## WHAT THE TASK ASKS
The finished copy should match every record exactly and contain no pictures.

───── SOURCE DATA

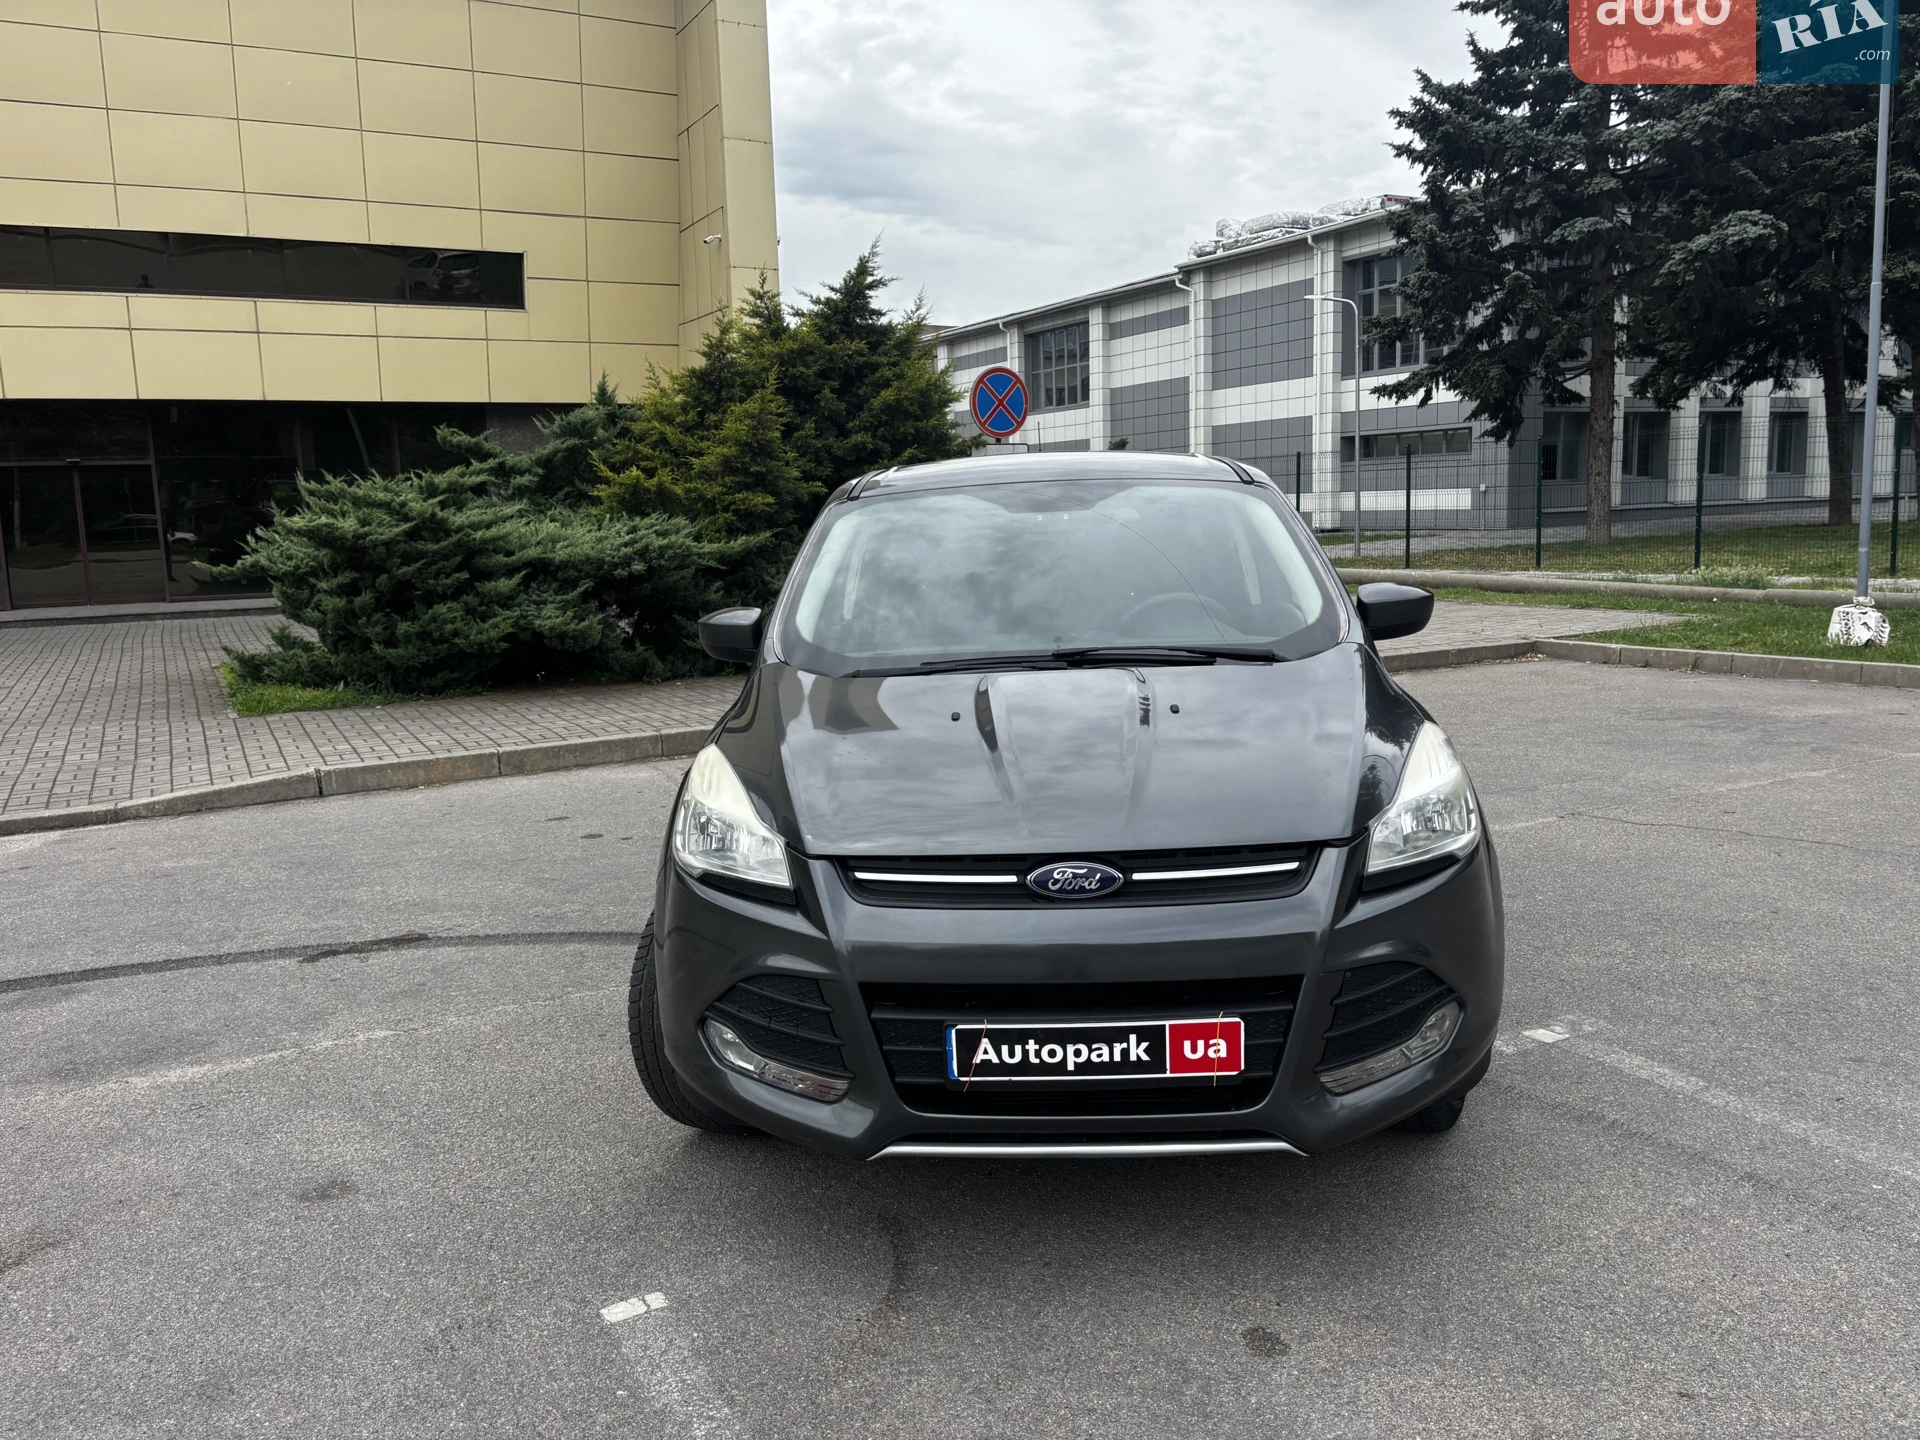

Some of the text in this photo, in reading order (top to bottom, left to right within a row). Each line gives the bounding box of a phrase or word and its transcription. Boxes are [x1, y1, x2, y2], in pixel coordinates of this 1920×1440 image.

[1048, 868, 1101, 890] Ford
[972, 1034, 1228, 1071] Autopark ua
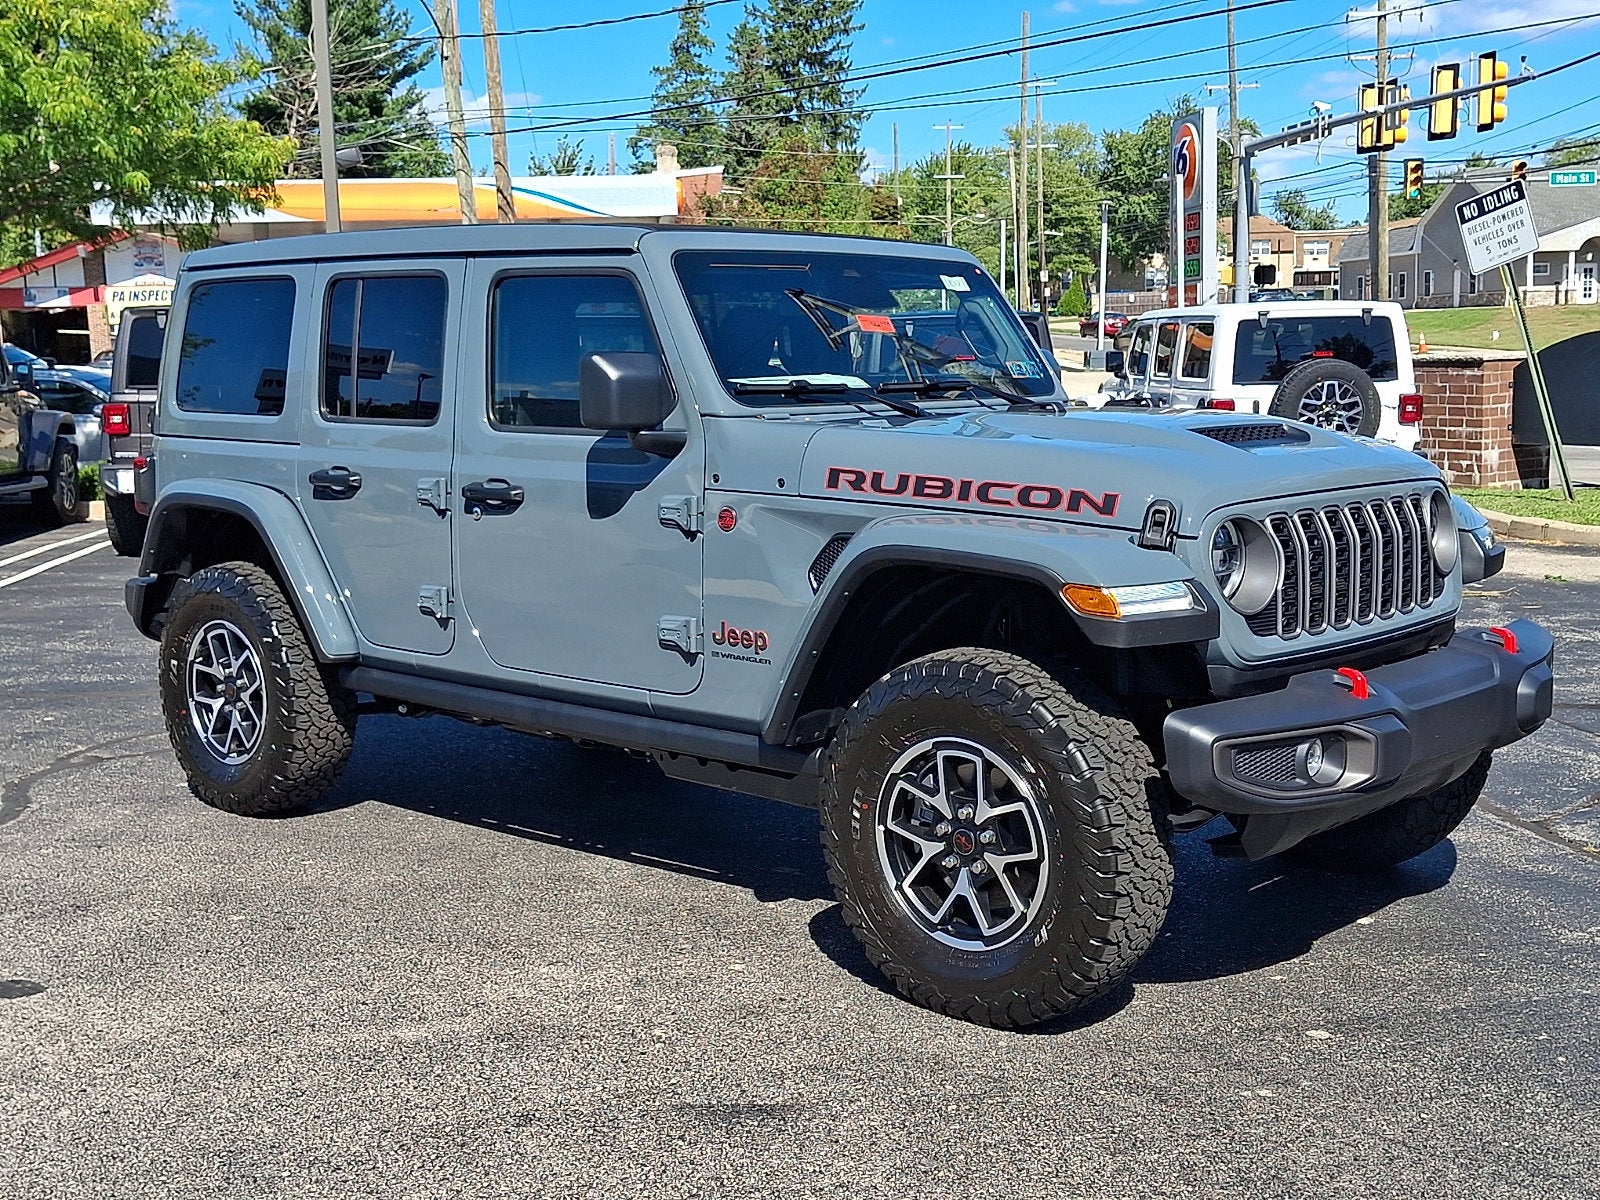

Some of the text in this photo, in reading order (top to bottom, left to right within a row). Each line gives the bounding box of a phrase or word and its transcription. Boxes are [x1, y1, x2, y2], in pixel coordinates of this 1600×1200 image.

[1556, 172, 1590, 184] Main St
[1462, 185, 1519, 220] NO IDLING
[1467, 206, 1524, 236] DIESEL-POWERED
[1473, 219, 1526, 246] VEHICLES OVER
[1485, 246, 1492, 255] 5
[1498, 235, 1519, 250] TONS
[112, 291, 125, 302] PA
[825, 466, 1122, 518] RUBICON
[712, 620, 769, 656] Jeep
[719, 651, 773, 666] WRANGLER
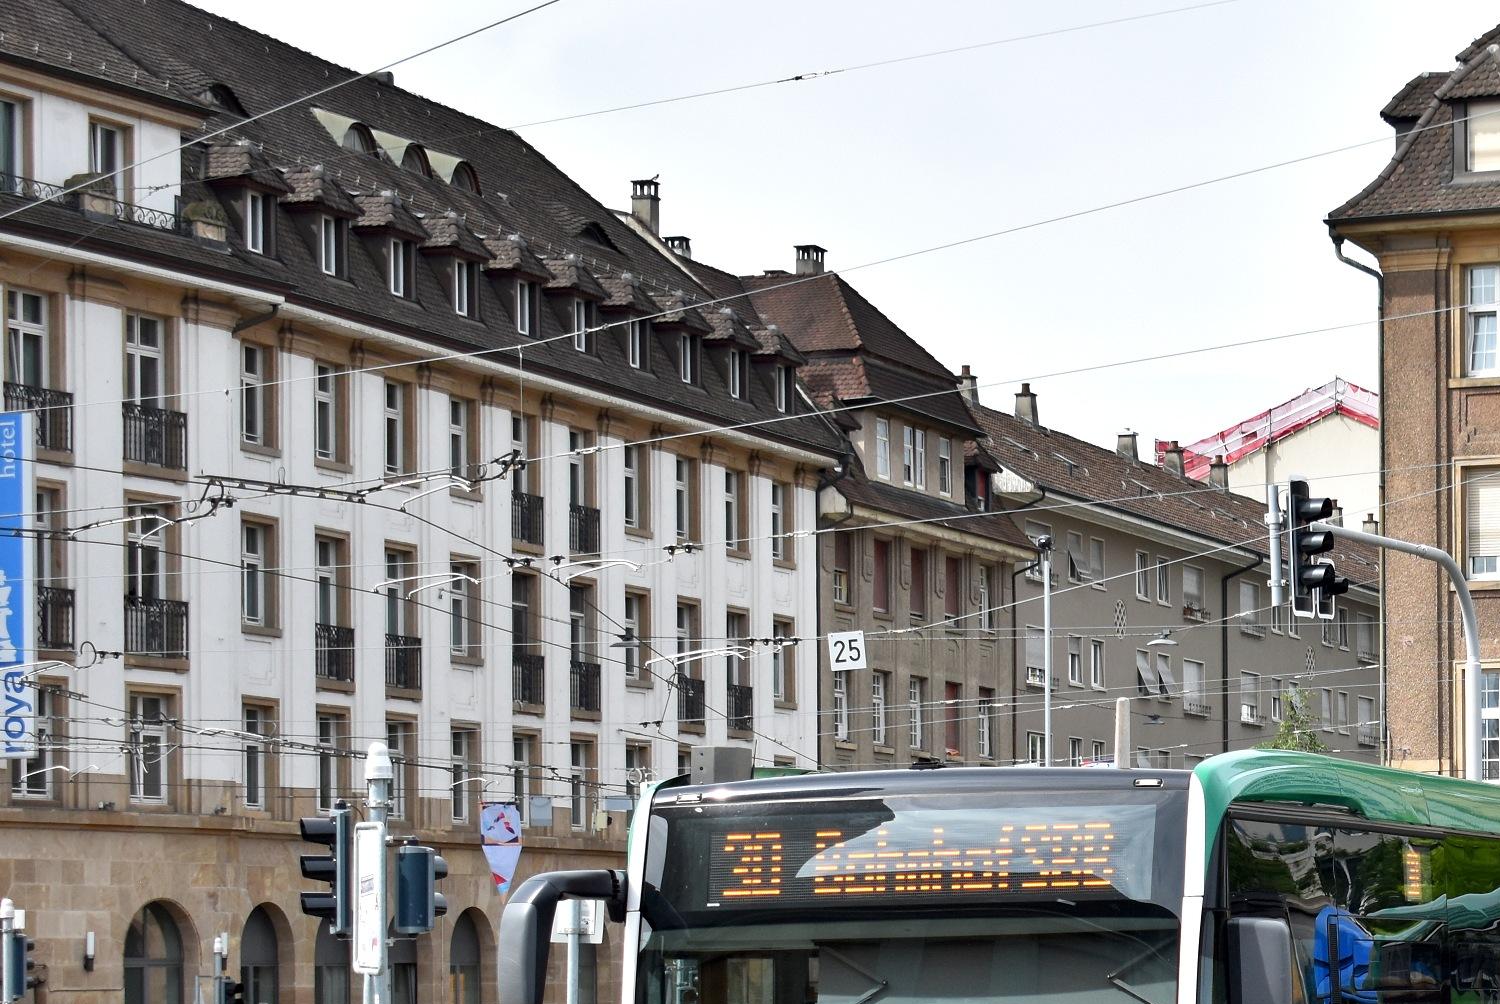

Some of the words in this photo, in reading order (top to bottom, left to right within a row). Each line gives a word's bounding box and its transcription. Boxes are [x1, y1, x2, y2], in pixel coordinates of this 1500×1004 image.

[0, 421, 16, 478] hotel
[833, 638, 861, 664] 25
[0, 661, 32, 752] royal
[723, 833, 782, 895] 30
[814, 825, 1014, 893] Bahnhof
[1020, 823, 1115, 889] SBB

──────────

## ANSWER TO THIS PROBLEM
Some of the text in this photo, in reading order (top to bottom, left to right within a row). Each line gives the bounding box of a phrase or word and its transcription. Boxes are [x1, y1, x2, y2], in pixel coordinates of this 1920×1440 image.

[1048, 868, 1101, 890] Ford
[972, 1034, 1228, 1071] Autopark ua

Some of the text in this photo, in reading order (top to bottom, left to right within a row). Each line gives the bounding box of a phrase or word and its transcription. Boxes are [x1, y1, x2, y2], in pixel coordinates of this 1600×1200 image.

[1556, 172, 1590, 184] Main St
[1462, 185, 1519, 220] NO IDLING
[1467, 206, 1524, 236] DIESEL-POWERED
[1473, 219, 1526, 246] VEHICLES OVER
[1485, 246, 1492, 255] 5
[1498, 235, 1519, 250] TONS
[112, 291, 125, 302] PA
[825, 466, 1122, 518] RUBICON
[712, 620, 769, 656] Jeep
[719, 651, 773, 666] WRANGLER

Some of the words in this photo, in reading order (top to bottom, left to right within a row). Each line gives a word's bounding box and its transcription. Boxes are [x1, y1, x2, y2], in pixel coordinates of this 1500×1004 image.

[0, 421, 16, 478] hotel
[833, 638, 861, 664] 25
[0, 661, 32, 752] royal
[723, 833, 782, 895] 30
[814, 825, 1014, 893] Bahnhof
[1020, 823, 1115, 889] SBB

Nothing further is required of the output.